(Image-backed grounding data)
+---+

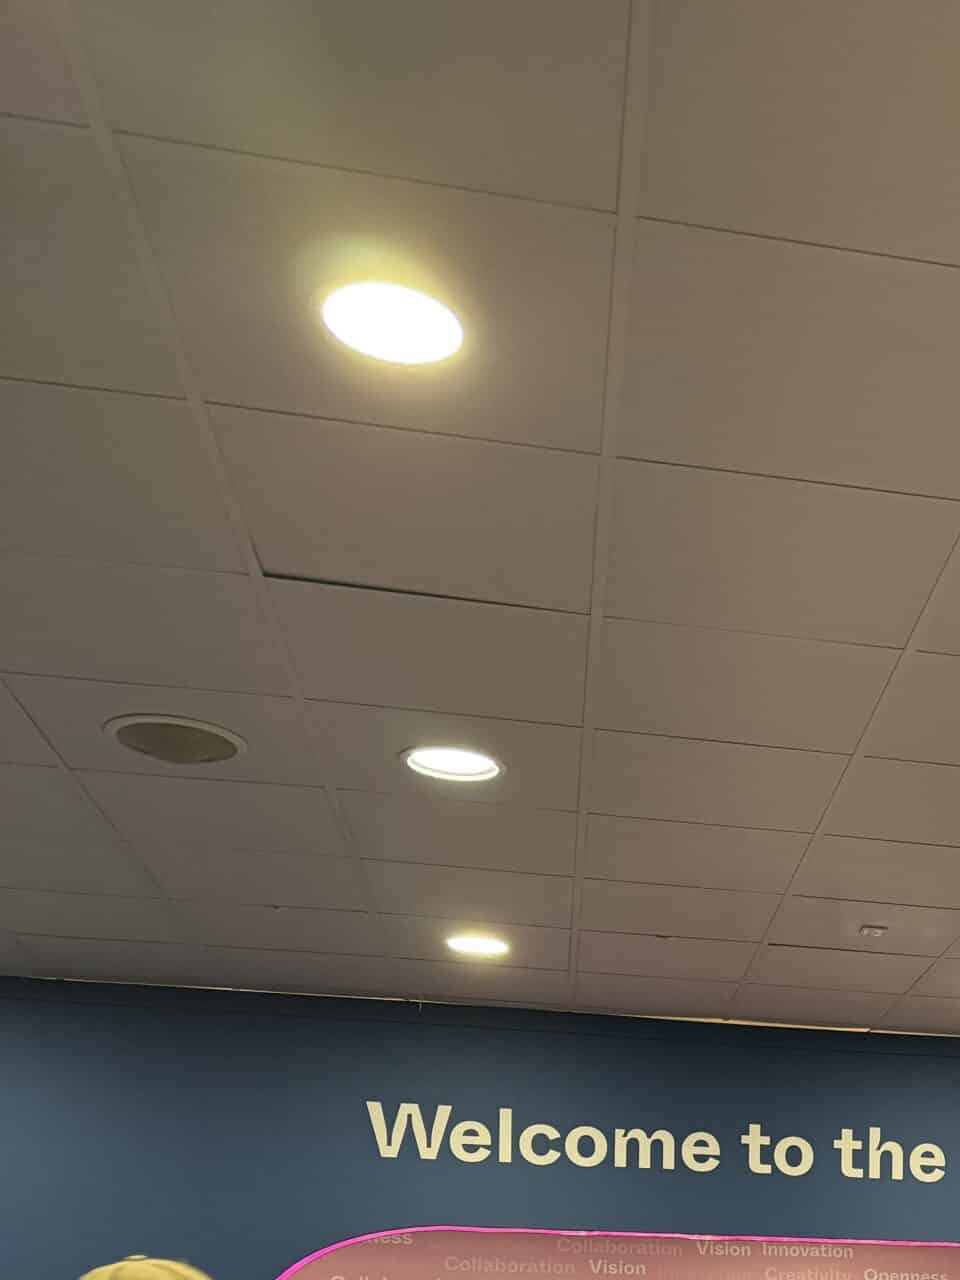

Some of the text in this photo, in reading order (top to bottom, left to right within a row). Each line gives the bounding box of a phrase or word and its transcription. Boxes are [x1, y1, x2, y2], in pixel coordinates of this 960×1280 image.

[366, 1101, 721, 1172] Welcome
[741, 1123, 814, 1177] to
[833, 1126, 946, 1183] the
[557, 1239, 854, 1260] Collaboration Vision Innovation
[444, 1256, 576, 1275] Collaboration
[588, 1259, 647, 1276] Vision
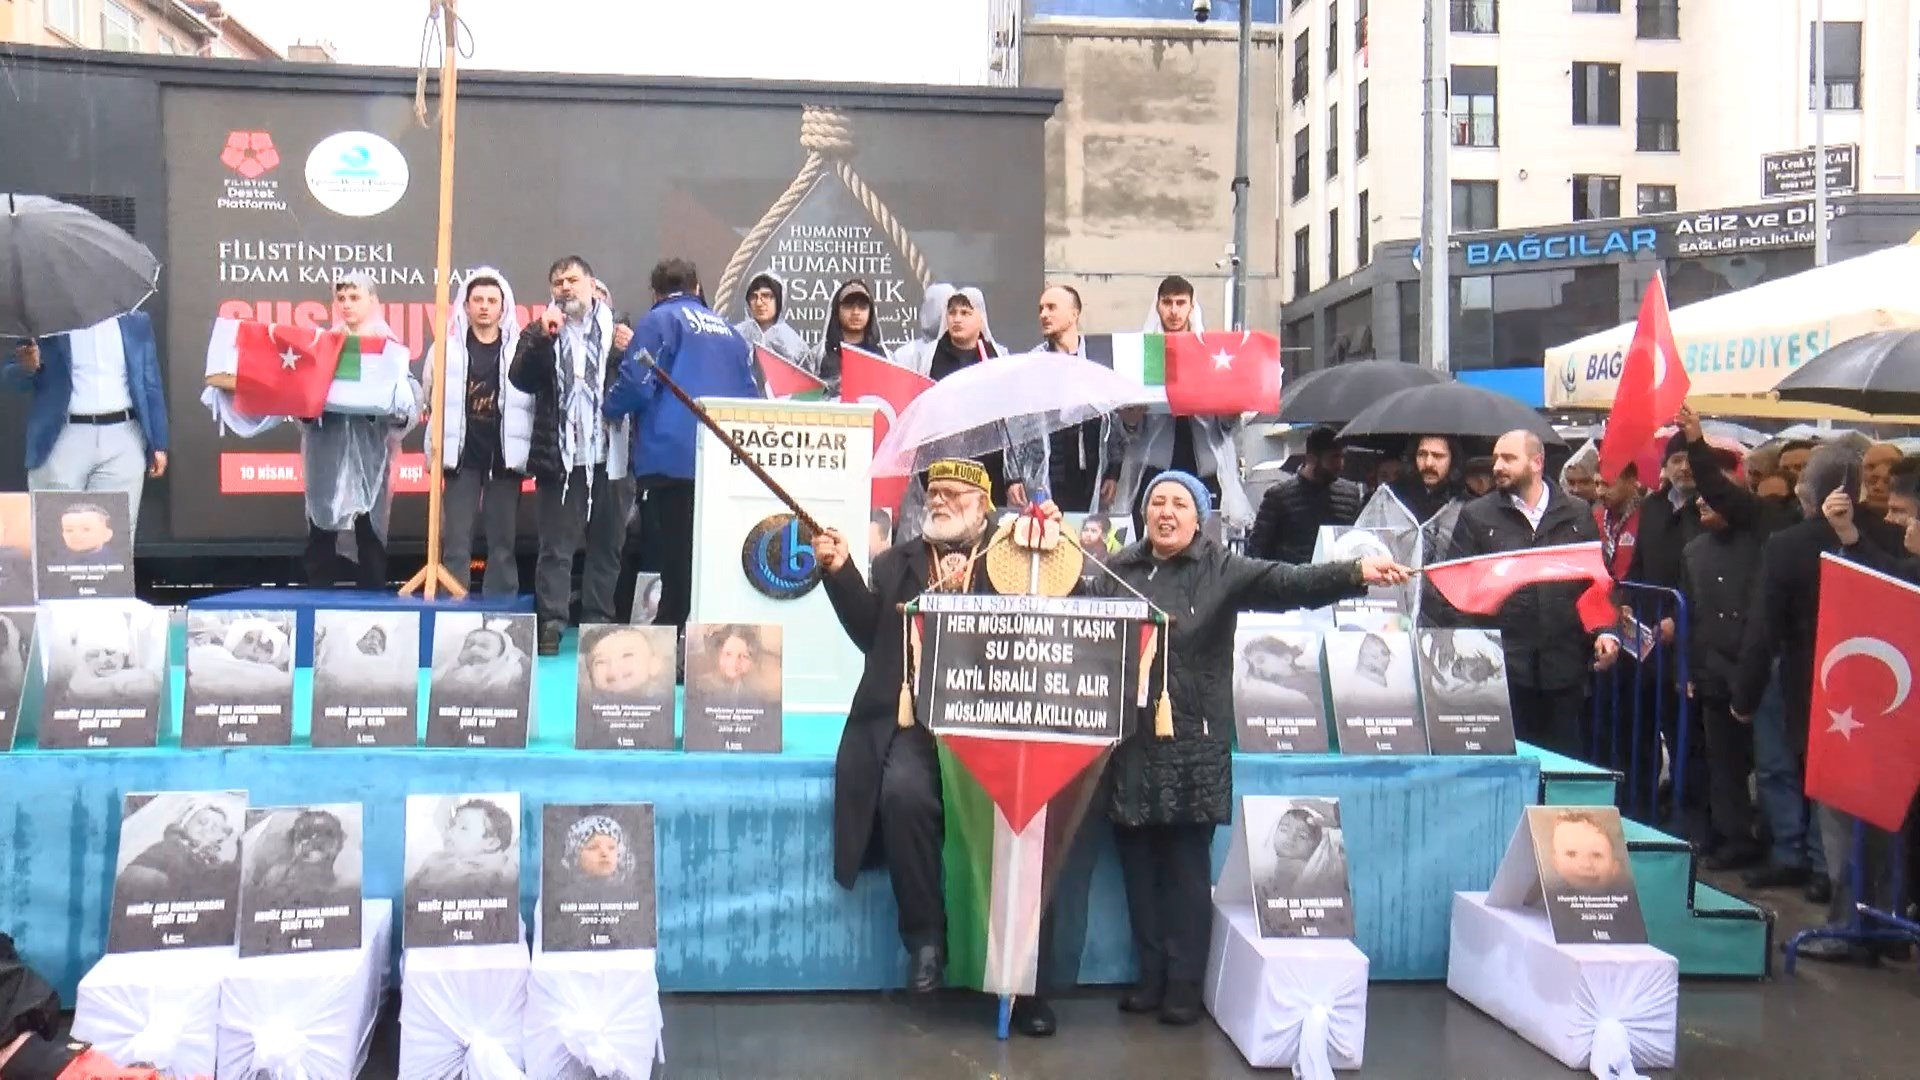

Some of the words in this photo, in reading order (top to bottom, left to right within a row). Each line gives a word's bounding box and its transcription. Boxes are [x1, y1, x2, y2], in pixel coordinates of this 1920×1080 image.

[217, 198, 287, 210] Platformu
[228, 187, 275, 198] Destek
[790, 225, 872, 238] HUMANITY
[1675, 213, 1739, 236] AĞIZ
[1745, 212, 1779, 229] ve
[219, 239, 393, 263] FİLİSTİN'DEKİ
[778, 239, 884, 254] MENSCHHEIT
[1467, 226, 1657, 266] BAĞCILAR
[1678, 237, 1737, 253] SAĞLIĞI
[1740, 229, 1831, 247] POLİKLİNİİ
[220, 261, 290, 283] İDAM
[771, 252, 892, 274] HUMANITÉ
[731, 424, 847, 450] BAĞCILAR
[240, 467, 254, 480] 10
[947, 614, 975, 633] HER
[978, 612, 1054, 637] MÜSLÜMAN
[1062, 619, 1069, 637] 1
[1073, 619, 1116, 643] KAŞIK
[985, 641, 1009, 660] SU
[1013, 637, 1073, 664] DÖKSE
[945, 665, 985, 691] KATİL
[989, 665, 1037, 693] İSRAİLİ
[1044, 672, 1070, 695] SEL
[1076, 674, 1109, 697] ALIR
[944, 699, 1032, 725] MÜSLÜMANLAR
[1034, 702, 1072, 726] AKILLI
[1074, 708, 1107, 729] OLUN
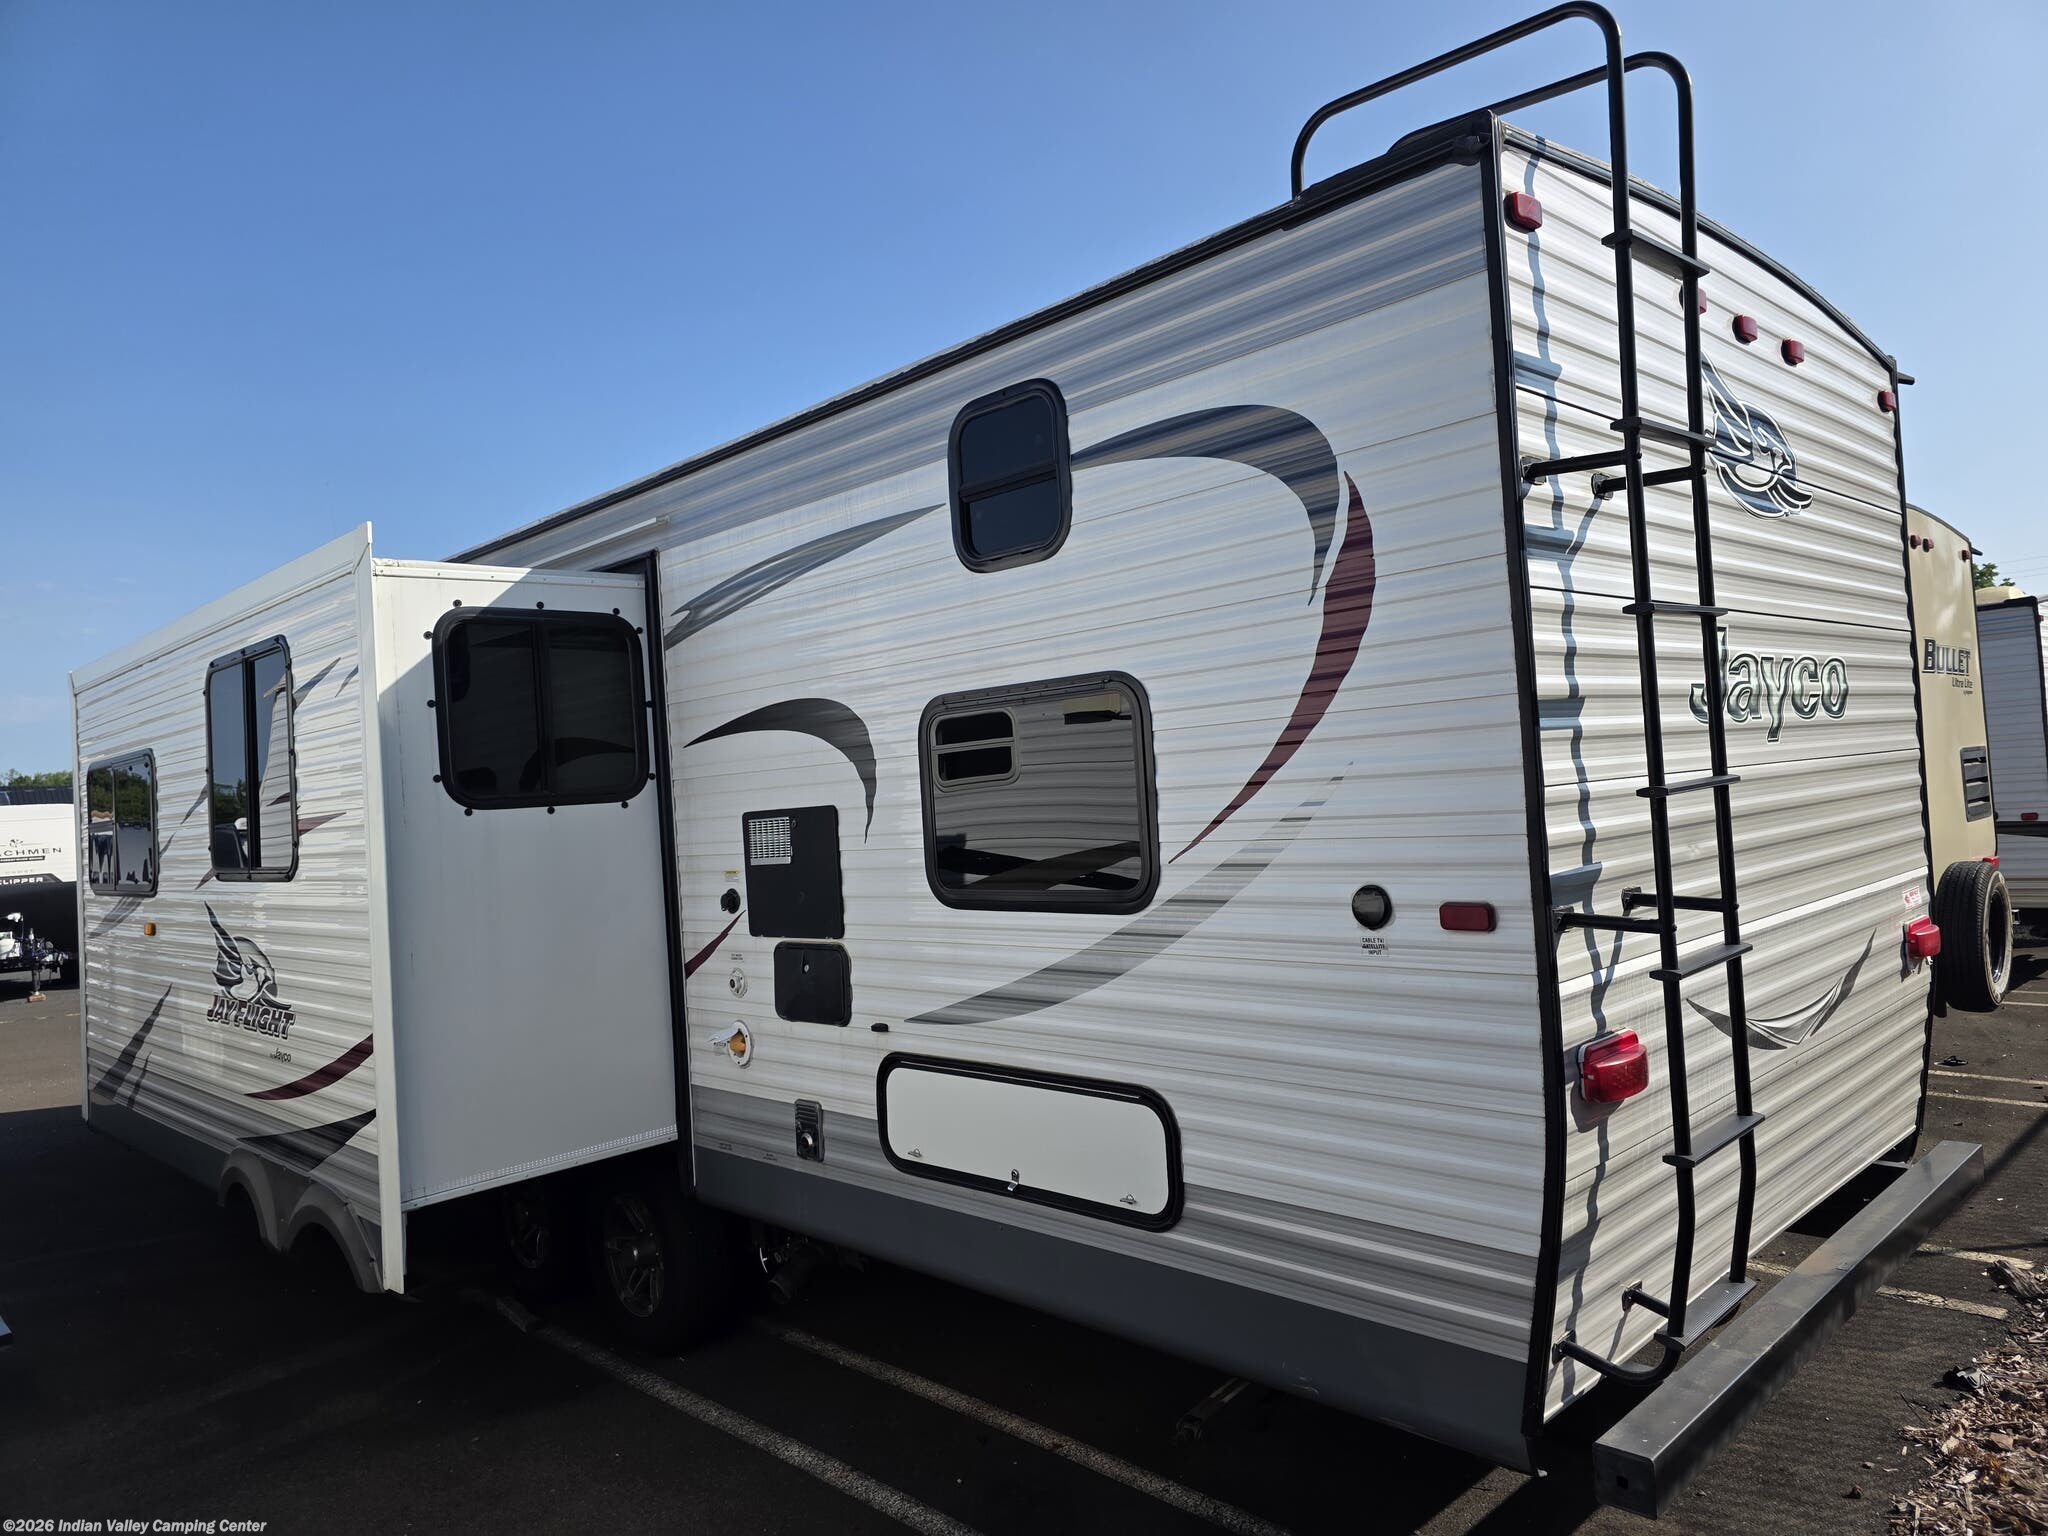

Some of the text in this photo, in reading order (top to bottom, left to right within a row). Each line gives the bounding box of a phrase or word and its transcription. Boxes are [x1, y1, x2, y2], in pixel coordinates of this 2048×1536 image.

[1921, 638, 1970, 676] BULLET
[1689, 626, 1849, 743] Jayco
[0, 847, 62, 857] CHMEN

+---+

Prompt — Transcribe every entry word for word, excluding images.

Solution —
Some of the text in this photo, in reading order (top to bottom, left to right within a row). Each line gives the bounding box of a phrase or word and its transcription. Boxes are [x1, y1, x2, y2], in pixel coordinates of this 960×1280 image.

[366, 1101, 721, 1172] Welcome
[741, 1123, 814, 1177] to
[833, 1126, 946, 1183] the
[557, 1239, 854, 1260] Collaboration Vision Innovation
[444, 1256, 576, 1275] Collaboration
[588, 1259, 647, 1276] Vision

Some of the words in this photo, in reading order (top to bottom, left to right within a row). Each line gives a word's bounding box and its transcription. Boxes are [x1, y1, x2, y2], in pixel coordinates of this 1920×1080 image.

[217, 198, 287, 210] Platformu
[228, 187, 275, 198] Destek
[790, 225, 872, 238] HUMANITY
[1675, 213, 1739, 236] AĞIZ
[1745, 212, 1779, 229] ve
[219, 239, 393, 263] FİLİSTİN'DEKİ
[778, 239, 884, 254] MENSCHHEIT
[1467, 226, 1657, 266] BAĞCILAR
[1678, 237, 1737, 253] SAĞLIĞI
[1740, 229, 1831, 247] POLİKLİNİİ
[220, 261, 290, 283] İDAM
[771, 252, 892, 274] HUMANITÉ
[731, 424, 847, 450] BAĞCILAR
[240, 467, 254, 480] 10
[947, 614, 975, 633] HER
[978, 612, 1054, 637] MÜSLÜMAN
[1062, 619, 1069, 637] 1
[1073, 619, 1116, 643] KAŞIK
[985, 641, 1009, 660] SU
[1013, 637, 1073, 664] DÖKSE
[945, 665, 985, 691] KATİL
[989, 665, 1037, 693] İSRAİLİ
[1044, 672, 1070, 695] SEL
[1076, 674, 1109, 697] ALIR
[944, 699, 1032, 725] MÜSLÜMANLAR
[1034, 702, 1072, 726] AKILLI
[1074, 708, 1107, 729] OLUN

Some of the text in this photo, in reading order (top to bottom, left to right within a row). Each line gives the bounding box of a phrase or word and its transcription. Boxes are [x1, y1, x2, y2], in pixel coordinates of this 2048×1536 image.

[1921, 638, 1970, 676] BULLET
[1689, 626, 1849, 743] Jayco
[0, 847, 62, 857] CHMEN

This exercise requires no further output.